By Donna Brazile
NEA Columnist
As Congress grapples with passing various appropriation bills before the end of the federal fiscal year in September, in most states of our Union, the fiscal year ends at the end of this month. There is reason to fret: In half of those states, a budget has yet to be passed.
Almost 60 percent of the states are operating in the black, according to the nonpartisan State Budget Solutions. But 21 states are deeply in the red, some with ballooning deficits in the billions. While red and blue states struggle to find new sources of revenue, some states seek to balance their budgets once more with cuts that target the neediest Americans.
Citizens' educations are at risk in those states. Louisiana and Wisconsin have dealt a massive blow to higher education. Republican Gov. Scott Walker of Wisconsin advocates deep cuts from universities to grade schools, all but abandoning state workers' health benefits. The state is $2.2 billion in the red. The decisions these red-ink states make will impact the nation for years to come.
Three of the red-ink states have Republican governors who are already running for president or are close to declaring -- Bobby Jindal of Louisiana, Walker of Wisconsin, and Chris Christie of New Jersey -- yet none can claim they brought their states out of the recession, even with Republican legislatures in Louisiana and Wisconsin.

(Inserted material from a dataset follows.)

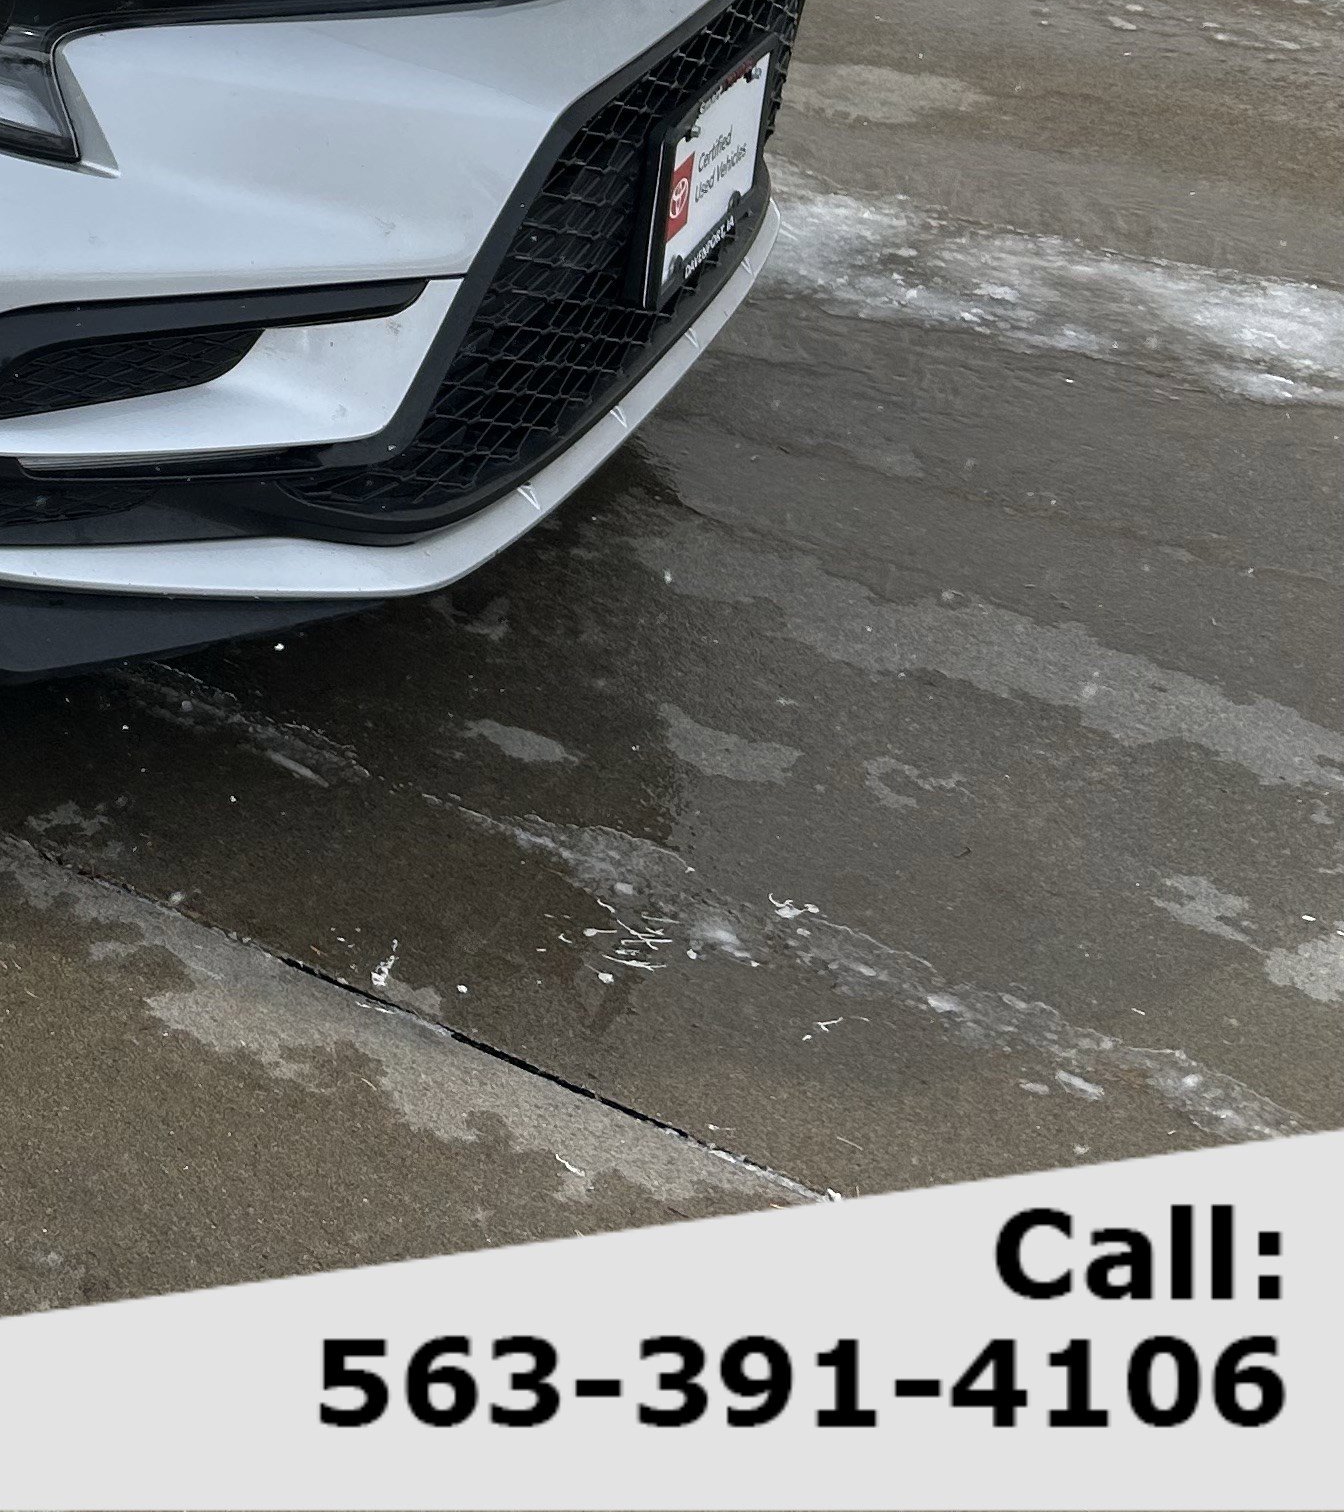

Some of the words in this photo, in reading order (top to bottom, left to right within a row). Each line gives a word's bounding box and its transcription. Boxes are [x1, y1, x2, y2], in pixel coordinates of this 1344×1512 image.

[694, 171, 715, 204] Used
[716, 142, 748, 183] Vehicles
[698, 124, 733, 174] Certified

Don't think budget battles in the red-ink states are solely between the Democrats and Republicans. The most intense fighting is going down between conservative and moderate Republicans over more austerity cuts or restoring taxes that were lowered in failed efforts to stimulate their economies.

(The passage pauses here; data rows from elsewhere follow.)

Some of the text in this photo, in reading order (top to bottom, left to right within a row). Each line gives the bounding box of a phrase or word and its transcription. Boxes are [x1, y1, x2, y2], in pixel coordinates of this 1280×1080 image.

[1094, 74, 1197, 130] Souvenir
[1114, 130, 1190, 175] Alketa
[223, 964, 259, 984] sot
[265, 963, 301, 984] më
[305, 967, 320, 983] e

In Louisiana, lawmakers must deal with a $1 billion plus shortfall. Here, 11 Republican lawmakers actually wrote to Grover Norquist, the private citizen with a nonprofit "tax-reform agency" that urges lawmakers and political candidates alike to sign pledges to never raise taxes.

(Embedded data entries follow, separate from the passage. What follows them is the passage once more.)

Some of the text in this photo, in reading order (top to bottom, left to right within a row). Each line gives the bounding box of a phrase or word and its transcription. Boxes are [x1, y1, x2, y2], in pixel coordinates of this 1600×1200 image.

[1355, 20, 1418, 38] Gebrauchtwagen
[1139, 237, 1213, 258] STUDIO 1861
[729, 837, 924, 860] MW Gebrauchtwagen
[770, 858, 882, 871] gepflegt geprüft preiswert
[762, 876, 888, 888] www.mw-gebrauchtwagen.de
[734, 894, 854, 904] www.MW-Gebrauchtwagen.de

Louisiana Republicans pleaded with Norquist to loosen the "no tax" pledge that Gov. Jindal had agreed to, and allow the state some wiggle room to deal with the deficit. He wasn't bending. Nor will Gov. Jindal give an inch. It's a mess created by Jindal's focus on his presidential ambitions, not on the future needs of my beloved home state.
Similarly, Gov. Christie has also failed to pull New Jersey out of the red. This year, Christie handed the Democratic legislature a budget shortfall nearly one-third of a billion dollars greater than projected. However, Christie reaped a windfall when the New Jersey Supreme Court ruled this week that he didn't have to honor a pledge he made to make annual payments to state workers' retirement funds in return for worker's increased contributions (which they made).
This brings us to the undiscussed, even undisclosed, expenses of many state budgets. I say "undisclosed" because state budgets only reflect cash being spent while past commitments silently accumulate into mountains of debt, and bills owed are kicked down the road from one crisis to the next.
Paul Volcker, former head of the Federal Reserve, managed the U.S. economy under both the Jimmy Carter and Ronald Reagan administrations. Volcker later formed a nonpartisan, nonprofit organization to restore fiscal trust at all levels of government.
The Volcker Alliance recently concluded that the public cannot make informed budget decisions about either priorities or fairness until invisible costs are dealt with up front. "These (smoke and mirror) practices make budget trade-offs indecipherable," to citizens, Volcker said.
Continually sweeping costs under the rug means "bridges and roads are being left to crumble, public schools and state universities are being starved, 'rainy day' funds are being drained, and public workers are counting on pension plans that may melt down at some point," reported the New York Times on Volcker's findings.
The Volcker Alliance cites California as a promising story, largely because Gov. Jerry Brown insisted hidden costs be addressed. Prior to Brown, California was in the position of today's 21 red-ink states, lunging from crisis to crisis, using legal accounting tricks to mask fiscal problems.
Brown's straight-on attack lowered California's debt by $10 billion, from $34.7 billion to $24.9 billion. He did it partially by persuading voters to approve a state income tax hike to 13 percent. Some costs, like $200 billion in unfunded pension and health care pledges, remain to be dealt with. It's "too early to tell if the state's fiscal culture has changed permanently," says Volcker.
That said, California is in the black because of a governor who presented the whole truth to the voters. Meanwhile 21 other states struggle to avoid drowning in red ink.
Congress, if you're watching, pay attention to how governors are handling their budgetary shortfalls and future investments, and who's being honest with their citizens.